Thirsty for Alpine Lakes? Make the Drive for a Dive

Landlocked. What an eerie word to someone who comes from a coastal state (with the exception of hurricane season). Even Minnesotans, from “The Land of 10,000 Lakes,” may find it hard adjusting to the lack of large bodies of water in Colorado. It can be hard to find a place to take a dip outdoors near Colorado Springs, almost as hard as it is finding someone who is willing to wake up at 6:00 a.m. on a Saturday to go for a hike. Palmer Lake, Paradise Cove, Monument Lake, Stratton Open Space, and Red Rocks Open Space are all local options to explore if you are looking for a body of water—especially if you are on a time crunch and need to get back to campus. But if you are willing to drive two hours for that dip in a mouth-watering, ice-cold alpine lake, keep reading.

Photos by Anna Grigsby

Though a moderately trafficked trail, Lake Ptarmigan is a solid option. Named after a bird in the grouse family, this lake sits at the base of Jones Mountain and is a six-mile, round-trip trek. If you are feeling inspired, you can hike the trail to a saddle between Jones Mountain and the opposite ridge. This offers views of the mountains to the north and a better look at Ptarmigan Lake.

Another moderately trafficked hike is Square Top Lakes. The trailhead is located at the top of Guanella Pass. If you boulder or climb, this is a good half-day hike that would allow you to climb in the afternoon. The trail is 4.6 miles round trip and leads to not one, but two alpine lakes. The Square Top Mountain summit is about one mile farther along the ridge and worth it if you have the time. The alpine tundra is spectacular when the wildflowers are in full bloom. One thing to note with this hike is that you should arrive relatively early, because the trail is directly across the road from the trailhead for the popular Mt. Bierstadt, making parking crowded. Other lakes in the Guanella Pass area are Murray Lake and Silver Dollar Lake.

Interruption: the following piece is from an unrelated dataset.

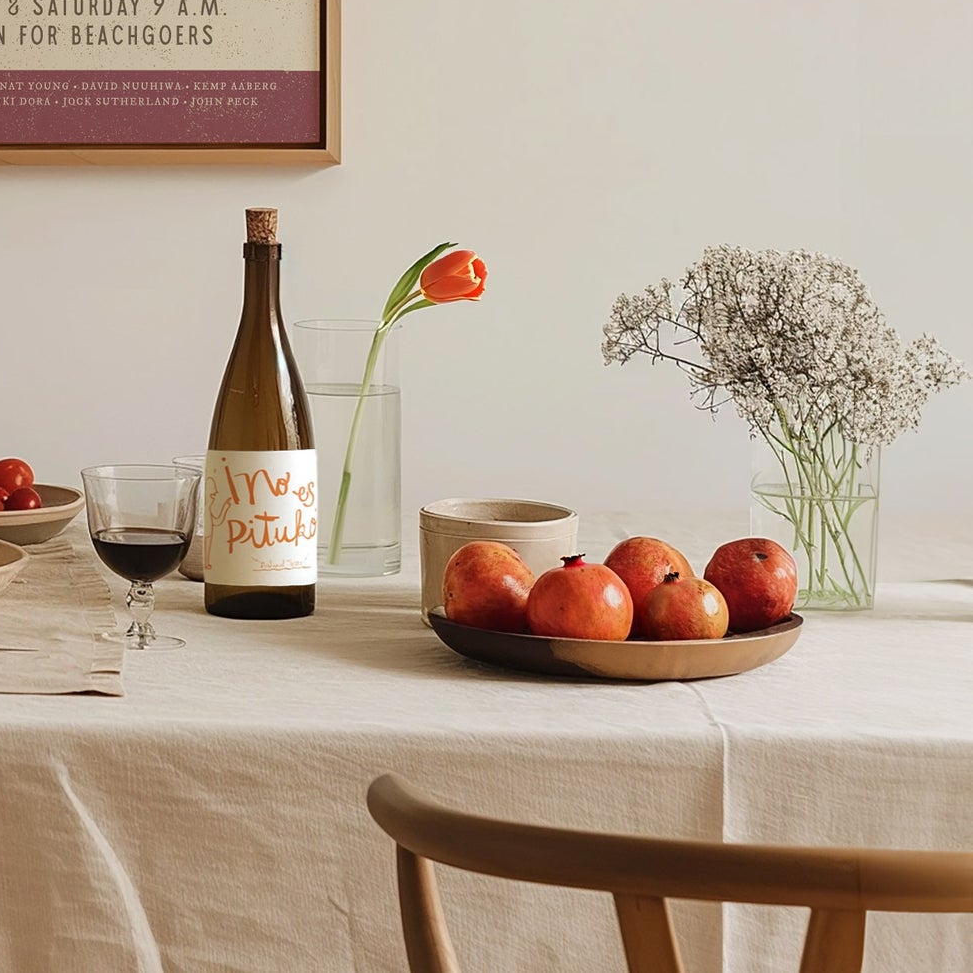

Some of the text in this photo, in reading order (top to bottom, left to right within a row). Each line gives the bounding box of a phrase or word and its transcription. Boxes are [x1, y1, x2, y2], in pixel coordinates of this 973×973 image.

If you are just looking for a place to crack open a cold one, sit in a lawn chair, fish, or explore an abandoned mine, Montgomery Reservoir is along a section of the Wheeler Trail and a very chill locale. It offers options: you can continue to hike the Wheeler Trail if you want to send it, or you can relax at the reservoir and hike around. One thing to note with this area is that if you are interested in rocks, the metamorphic variety surround the lake and the mouth of the stream feeding into the lake.

Lastly, Roosevelt National Forest offers many options for alpine lakes—if you are willing to drive. About a two and a half hour drive from Colorado Springs, Rogers Pass is a solid option for those who want to start below treeline, hike along a stream, and then end up in a basin where Heart Lake sits. If you hike a little bit beyond Heart Lake to the west, there is a lake in the small basin above that you will most likely have all to yourself. This area is perfect for solitude if you get an early start, and it is a nine-mile trek round trip. From the same trailhead, you can also reach Crater Lakes, a more heavily trafficked hike. Other lakes in the nearby area are Forest Lakes and Corona Lake.

The Front Range near Colorado Springs is beautiful, but sometimes it is nice to explore the North a bit for a change of scenery. And why not take a dip in an alpine lake while you’re at it?